Kearny Street Workshop’s
video artists include: Tanuj Chopra, Tze Chun,
Amber Field, Pia Infante & Stephanie Yang,
who thoughtfully explore questions of identity,
race and class relations, and generation gaps
in modern day society where cultures are continually
informed by one another.
Both/And, by Stephanie
Yang. 6:32 min.
The film explores questions of identity between
father and daughter in an immigrant Taiwanese
family. The story revolves around how the daughter
(Yang) and her father both have two names (a
Chinese and an English name) and how it is through
these names that they connect with the heritage
of a country of origin (Taiwan) and with the
country in which they call home (United States).
Stephanie Yang is a mixed-race,
Taiwanese/European American artist living in
the Bay Area. Stemming from her experiences
of being Hap, much of her work focuses on the
amorphous lines between race, identity and self
in urban settings. Her films have screened nationwide
in a variety of queer, people of color, and
Taiwanese-American spaces. Currently, she is
exploring interdisciplinary and collaborative
projects with artists in San Francisco and Vancouver,
digging into metaphors of home and the vulnerabilities
of desire. She is a writer, a collage artist,
and filmmaker.
Jagadamba, Mother of the Universe,
by Amber Field, 10:00min
Jagadamba, Mother of the Universe is a
tender, inspirational documentary on Amber Field's
personal healing journey through music, breath,
and spirit. The film debuted at the Queer Women
of Color Film Festival in San Francisco. It
will also show at the Asian Adoptee Film Festival
in Hawaii and the Austin Gay and Lesbian International
Film Festival in the fall of 2008.
Amber Field is a queer transnational
Korean adoptee performance artist, musician,
and filmmaker. She studied Indian classical
music at Viswa Bharati University in West Bengal,
India, from 2002-4. Amber specializes in world
fusion music, and plays tabla, esraj (bowed
stringed Indian instrument), didgeridoo, djembe,
riq, and sings. Amber is working on a one-woman
show that uses theater, storytelling, music,
poetry, and video to explore transnational adoption,
race, and sexuality.
Windowbreaker, by
Tze Chun,
Two immigrant children take matters into their
own hands when a string of break-ins creates
a wave of paranoia in small town suburbia.

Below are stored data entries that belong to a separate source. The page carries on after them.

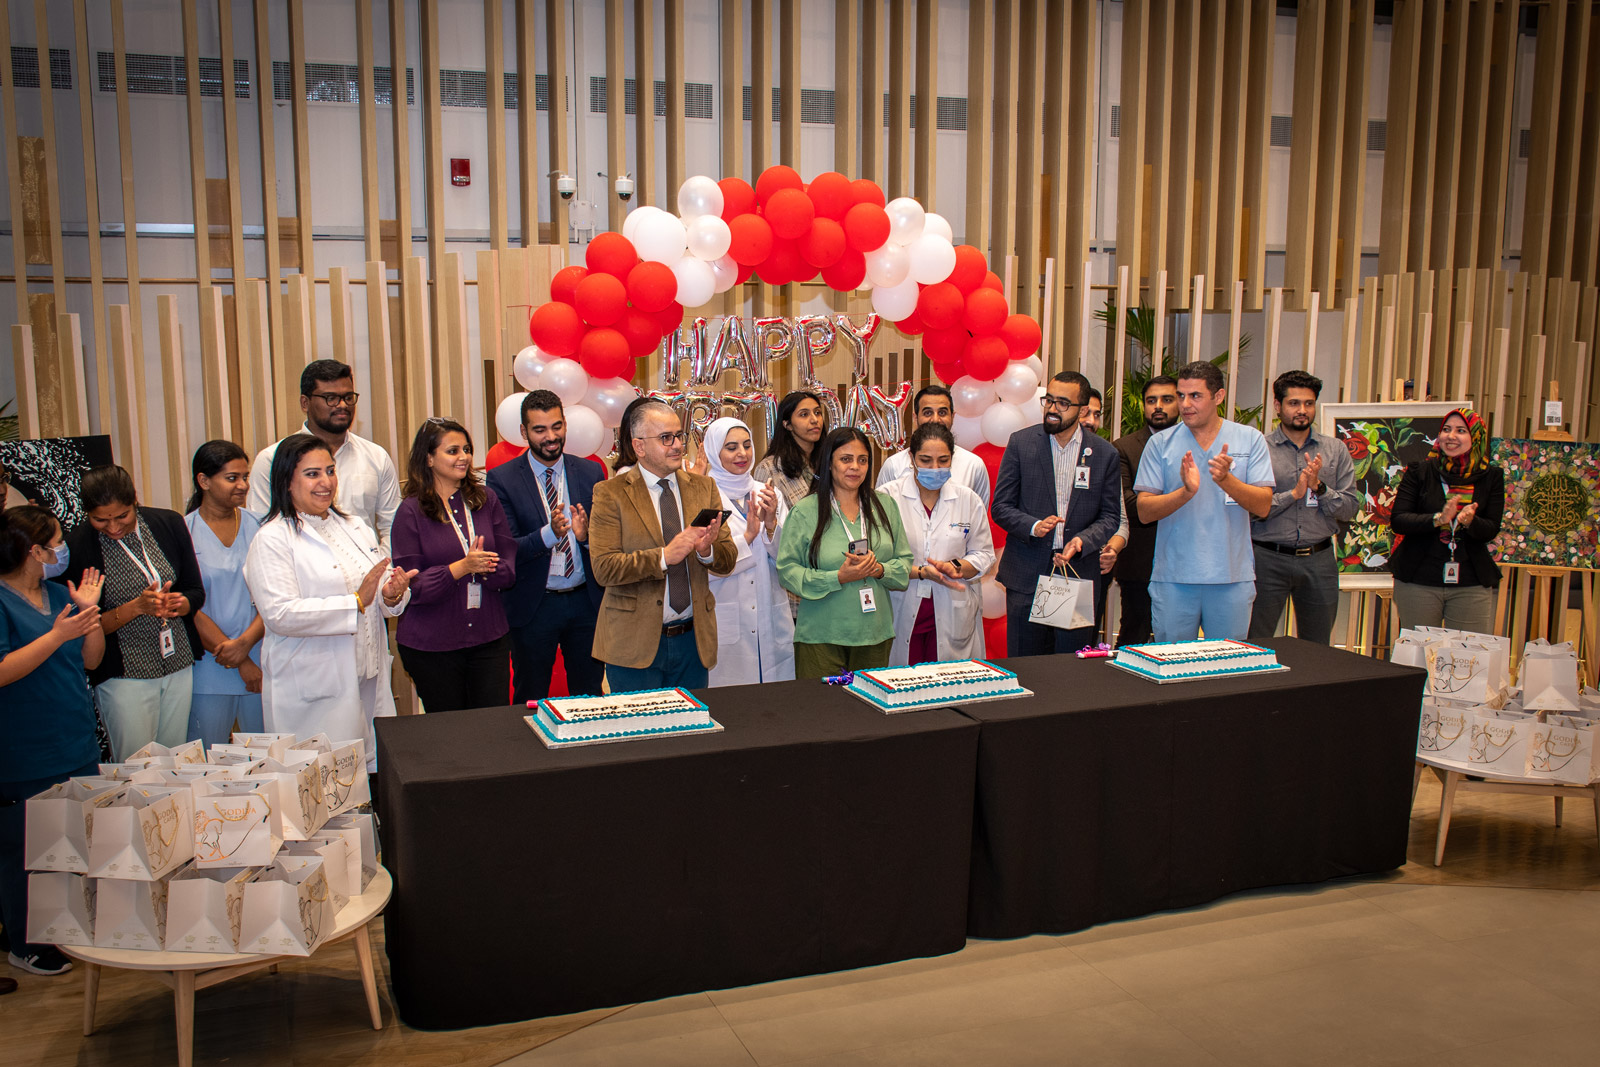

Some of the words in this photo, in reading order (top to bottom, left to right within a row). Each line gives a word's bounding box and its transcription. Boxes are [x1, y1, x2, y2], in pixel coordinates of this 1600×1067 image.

[663, 312, 881, 388] HAPPY
[888, 674, 934, 683] Happy
[936, 669, 991, 677] Birthday
[566, 705, 620, 714] Happy
[624, 699, 686, 708] Birthday
[1553, 735, 1581, 744] GODIA
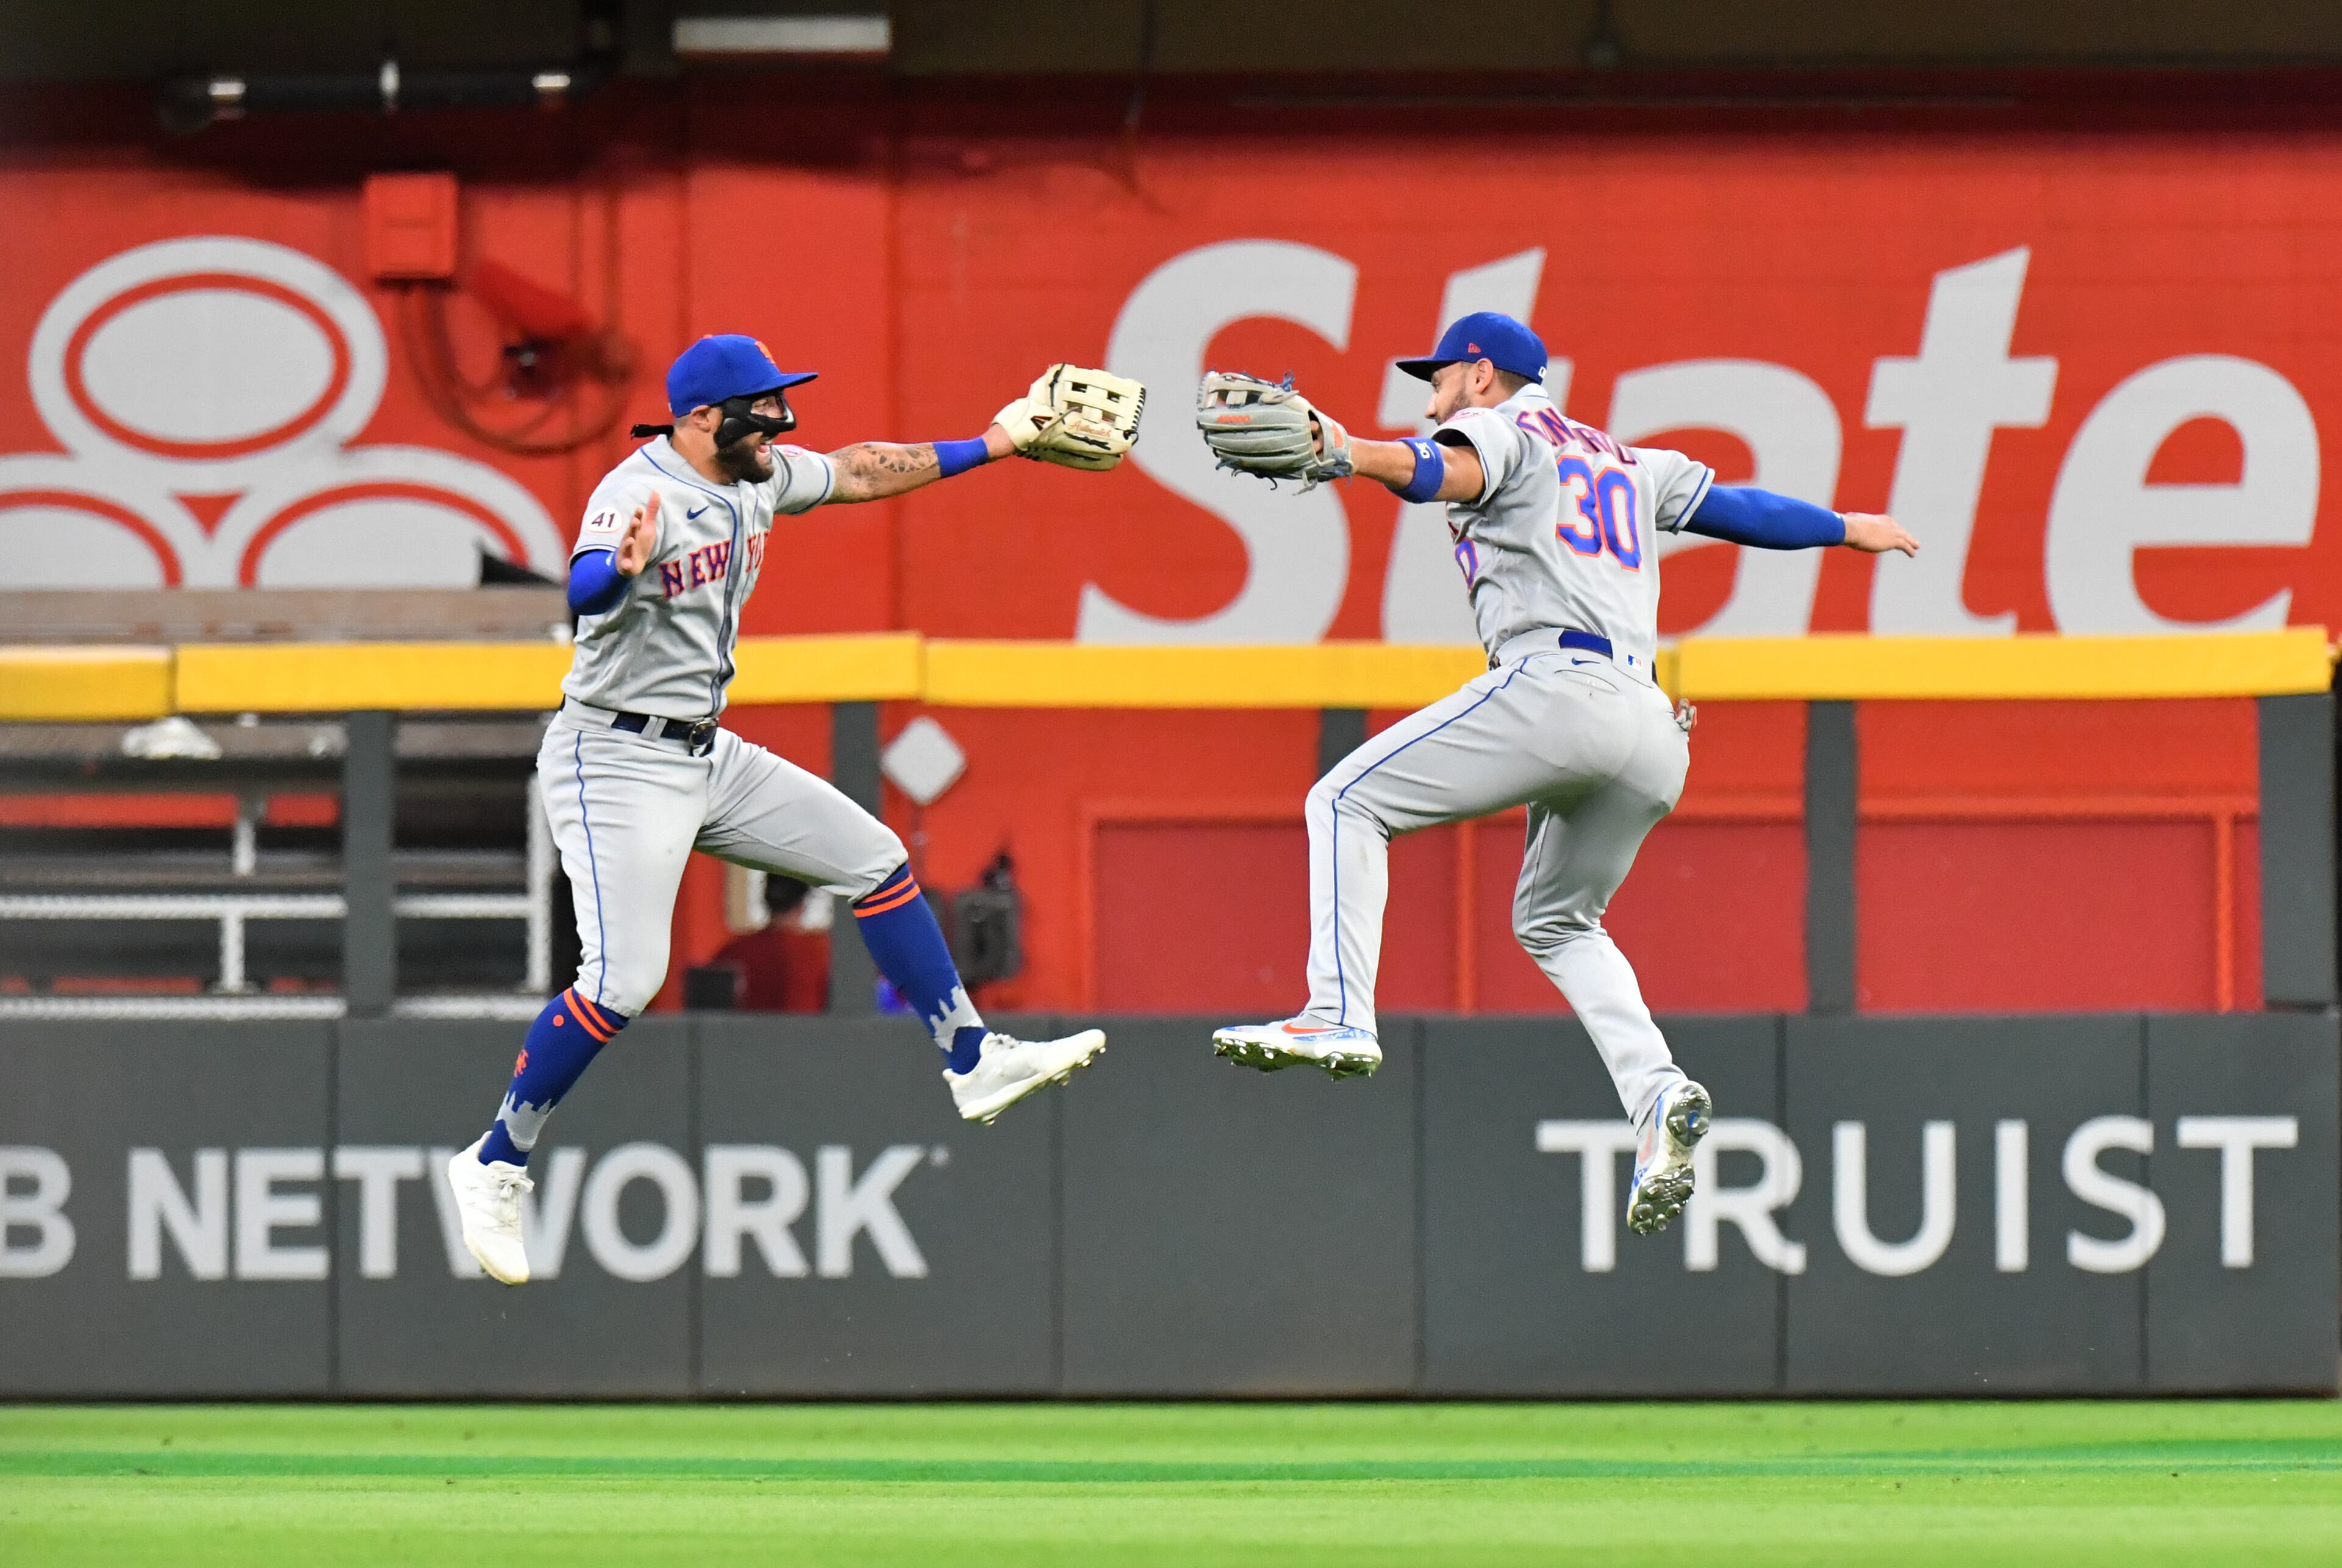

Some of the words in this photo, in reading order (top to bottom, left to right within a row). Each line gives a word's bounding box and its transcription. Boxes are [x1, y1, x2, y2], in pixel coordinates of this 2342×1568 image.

[591, 512, 615, 528] 41
[658, 539, 732, 600] NEW
[1556, 456, 1642, 572] 30
[127, 1142, 929, 1281] NETWORK
[1535, 1115, 2299, 1276] TRUIST

Tze Chun is a Los Angeles-based
writer and director who has completed numerous
short films including "Document" and
"Back to the Front." "Windowbreaker"
premiered at the 2007 Sundance Film Festival
and Chun was recognized as one of the 25 New
Faces of Independent Film in Filmmaker Magazine
that same year.
Tanuj Chopra began making films
as a student in 1998 with Hate Crime.
Since completing his MFA from Columbia University,
his TV, film, and commercial project have taken
him from the Bay Area to India to NYC. His short
film Butterfly screened at over 20
festivals throughout North American, India,
Europe and Pakistan. Chopra's first feature
film, Punching at the Sun, premiered
at the 2006 Sundance Film Festival and also
played at the Tribeca Film Festival and the
SF International Asian American Film Festival
where it won the Grand Jury Prize.
Magic & the Moon
by Pia Infante, 9min
When her mother leaves the Philippines to find
work in the US, Magic waltzes around doubt and
fear to find love.
The Phyllis C. Wattis Foundation, the San Francisco
Arts Commission, and the Zellerbach Family Fund
have funded the PICTURING IMMIGRATION series.